Company Background: Samsung Electronics
Samsung Electronics was established in 1969 in order to provide an engine of future growth for the Samsung Group. Though the electronics industry seemed promising in the 1960s, none of the Korean firms had advanced technology. Samsung began by producing low-end black–and-white televisions in a joint venture with Sanyo, a Japanese electronics company. With NEC, another Japanese firm, it produced Braun tubes and kinescope tubes. After three years, it began to produce black-and-white televisions under its own name, “Samsung.
In the 1970s, it began producing other home appliances, including washing machines, refrigerators, color televisions and microwave ovens. During the 1980s, it expanded its business lines to personal computers (1983), semiconductors, and telecommunication networks and devices (1988). For years, Samsung was regarded as a low-end product manufacturer that made cheaper alternatives to the high-end Japanese products. Its products were not considered to be very reliable, and it did not have a very strong reputation amongst consumers.
By the end of 1992, however, the company emerged as a leading semiconductor manufacturer in the DRAM (Dynamic Random Access Memory) market. It was the first case in Korea that Samsung, a domestic latecomer, successfully caught up incumbents and even became better than them in the world market. Behind their success was the management’s strong drive to develop the semiconductor business into a truly world-class business and the company’s future growth engine.
Samsung’s system of group-wide coordination and governance enabled Samsung to concentrate its resources in the semiconductor business, which required enormous investment. For technology transfer, Samsung relied on technology licensing, established an R&D center in Silicon Valley and invited Japanese engineers to Korea on weekends to instruct Korean engineers in semiconductors. To secure human resources, Samsung recruited many Korean-American engineers with semiconductors expertise, offering them attractive compensation and benefits.
Despite a major surge in its semiconductor business, Samsung was losing money in its appliance business during the mid-1990s, as it had not managed to improve the quality and image of its products. Moreover, the Asian financial crisis of late 1997 deteriorated the situation further, causing profits to drop from $194 million in 1996 to $87 million in 1997. To cope with its difficulties, Samsung launched a bold restructuring initiative in 1997. The initiative aimed to restructure the company in accordance with “global standards.
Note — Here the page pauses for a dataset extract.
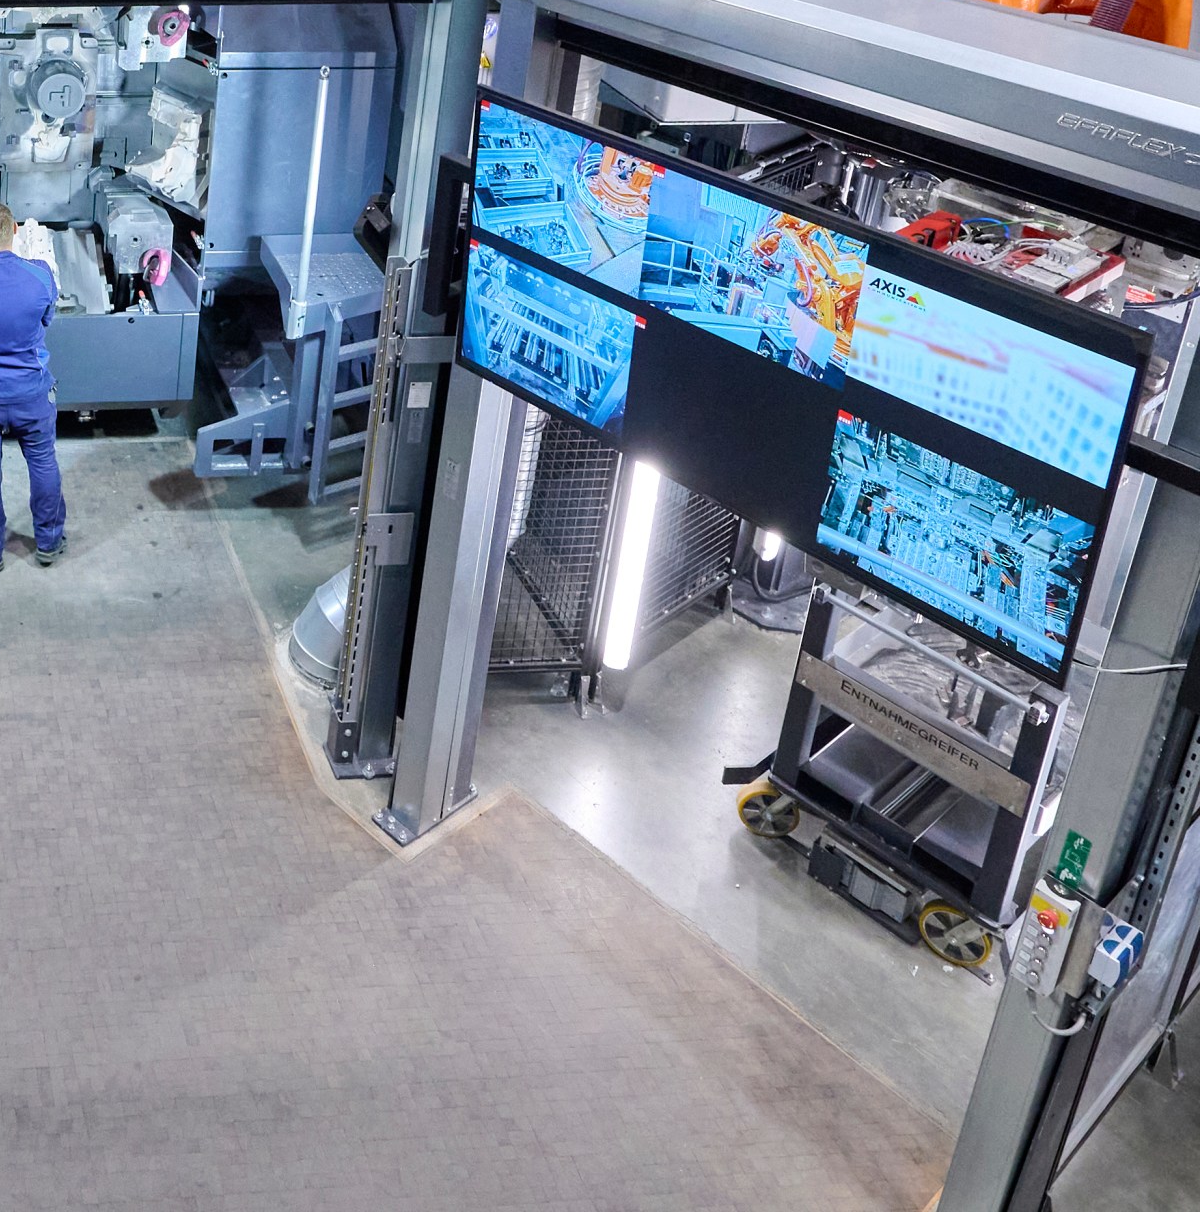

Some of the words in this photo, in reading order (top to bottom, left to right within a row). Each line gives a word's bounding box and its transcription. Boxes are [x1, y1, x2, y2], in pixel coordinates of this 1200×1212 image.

The company laid off 16,000 employees during the first year, and it sold or spun off unprofitable business units and manufacturing facilities. It also shifted more of its resources to the LCD (Liquid Crystal Display) and mobile phone businesses in order to diversify its revenue sources, which had previously relied on the semiconductor business. The emphasis on profitability and shareholder value was not typical of Korean firms at that time. The company’s unyielding emphasis on quality, innovation, and globalization resulted in significant changes within the organization, and galvanized its foundation for future growth.